## [AIM OF THE EXERCISE]
Transcribe the listing in full, excluding any pictures.

## [EXTRACTED MATERIAL]
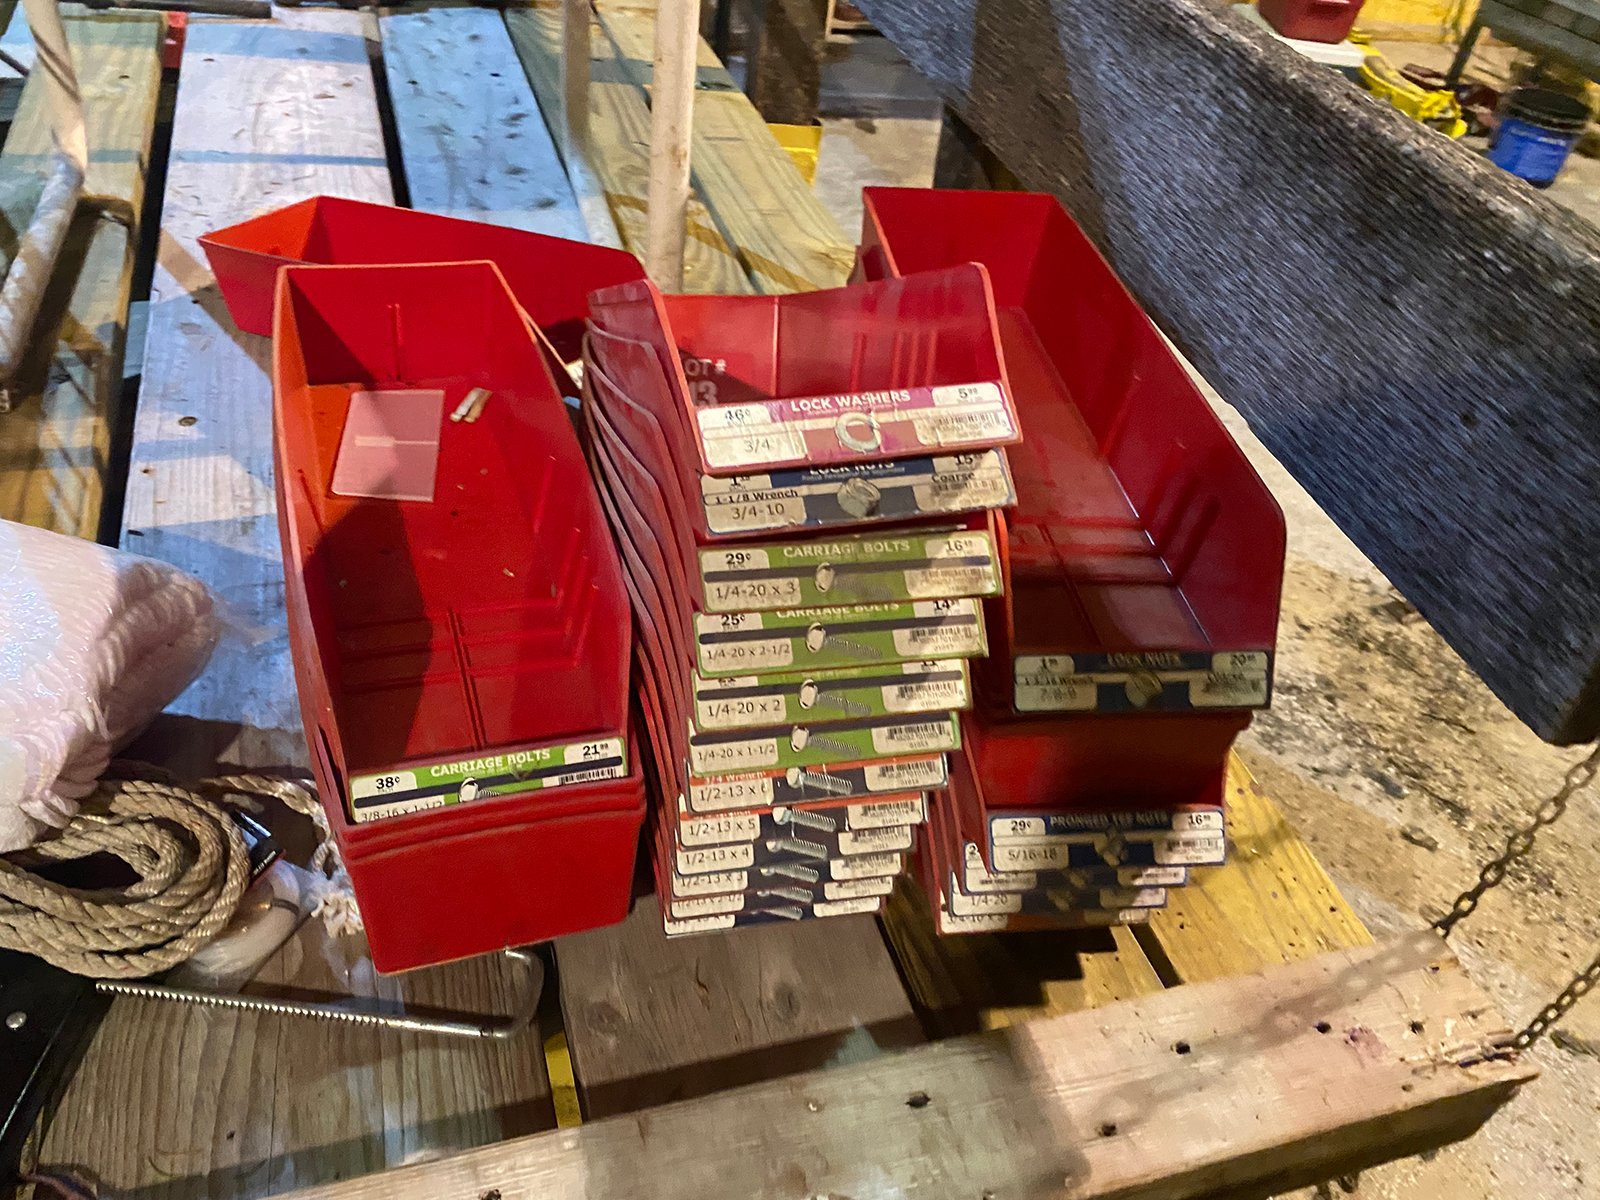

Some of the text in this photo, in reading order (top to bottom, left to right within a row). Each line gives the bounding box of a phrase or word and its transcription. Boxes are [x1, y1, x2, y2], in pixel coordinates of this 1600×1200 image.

[684, 358, 713, 377] OT
[790, 397, 831, 413] LOCK
[836, 389, 911, 409] WASHERS
[744, 438, 770, 454] 3/4
[715, 488, 799, 505] 1-1/8 Wrench
[731, 503, 785, 521] 3/4-10
[863, 539, 911, 553] BOLTS
[725, 552, 752, 565] 29¢
[716, 582, 796, 600] 1/4-20 x 3
[721, 613, 746, 626] 25¢
[707, 648, 745, 660] 1/4-20
[759, 643, 791, 656] 2-1/2
[708, 699, 781, 718] 1/4-20 x 2
[698, 743, 775, 764] 1/4-20 x 1-1/2
[430, 757, 504, 777] CARRIAGE
[507, 749, 551, 769] BOLTS
[375, 776, 400, 790] 38¢
[700, 784, 744, 801] 1/2-13
[748, 785, 756, 795] x
[361, 808, 400, 823] 3/8-16
[689, 818, 756, 836] 1/2-13 x 5
[1010, 820, 1032, 832] 29¢
[685, 847, 749, 865] 1/2-13 x 4
[1008, 847, 1058, 861] 5/16-18
[681, 874, 721, 888] 1/2-13

## [RESPONSE]
Some of the text in this photo, in reading order (top to bottom, left to right within a row). Each line gives the bounding box of a phrase or word and its transcription. Boxes are [x1, y1, x2, y2], in pixel coordinates of this 1600×1200 image.

[684, 358, 713, 377] OT
[790, 397, 831, 413] LOCK
[836, 389, 911, 409] WASHERS
[744, 438, 770, 454] 3/4
[715, 488, 799, 505] 1-1/8 Wrench
[731, 503, 785, 521] 3/4-10
[863, 539, 911, 553] BOLTS
[725, 552, 752, 565] 29¢
[716, 582, 796, 600] 1/4-20 x 3
[721, 613, 746, 626] 25¢
[707, 648, 745, 660] 1/4-20
[759, 643, 791, 656] 2-1/2
[708, 699, 781, 718] 1/4-20 x 2
[698, 743, 775, 764] 1/4-20 x 1-1/2
[430, 757, 504, 777] CARRIAGE
[507, 749, 551, 769] BOLTS
[375, 776, 400, 790] 38¢
[700, 784, 744, 801] 1/2-13
[748, 785, 756, 795] x
[361, 808, 400, 823] 3/8-16
[689, 818, 756, 836] 1/2-13 x 5
[1010, 820, 1032, 832] 29¢
[685, 847, 749, 865] 1/2-13 x 4
[1008, 847, 1058, 861] 5/16-18
[681, 874, 721, 888] 1/2-13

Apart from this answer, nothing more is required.